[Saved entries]
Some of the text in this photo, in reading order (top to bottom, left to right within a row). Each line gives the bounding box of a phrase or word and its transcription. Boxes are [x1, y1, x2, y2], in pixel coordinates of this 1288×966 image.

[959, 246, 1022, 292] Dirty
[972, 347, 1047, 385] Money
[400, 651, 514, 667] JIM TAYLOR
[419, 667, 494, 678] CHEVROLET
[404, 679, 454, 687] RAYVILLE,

The task:
Restate each record exactly as written.

Output:
Some of the text in this photo, in reading order (top to bottom, left to right within a row). Each line gives the bounding box of a phrase or word and its transcription. Boxes are [x1, y1, x2, y2], in pixel coordinates of this 1288×966 image.

[959, 246, 1022, 292] Dirty
[972, 347, 1047, 385] Money
[400, 651, 514, 667] JIM TAYLOR
[419, 667, 494, 678] CHEVROLET
[404, 679, 454, 687] RAYVILLE,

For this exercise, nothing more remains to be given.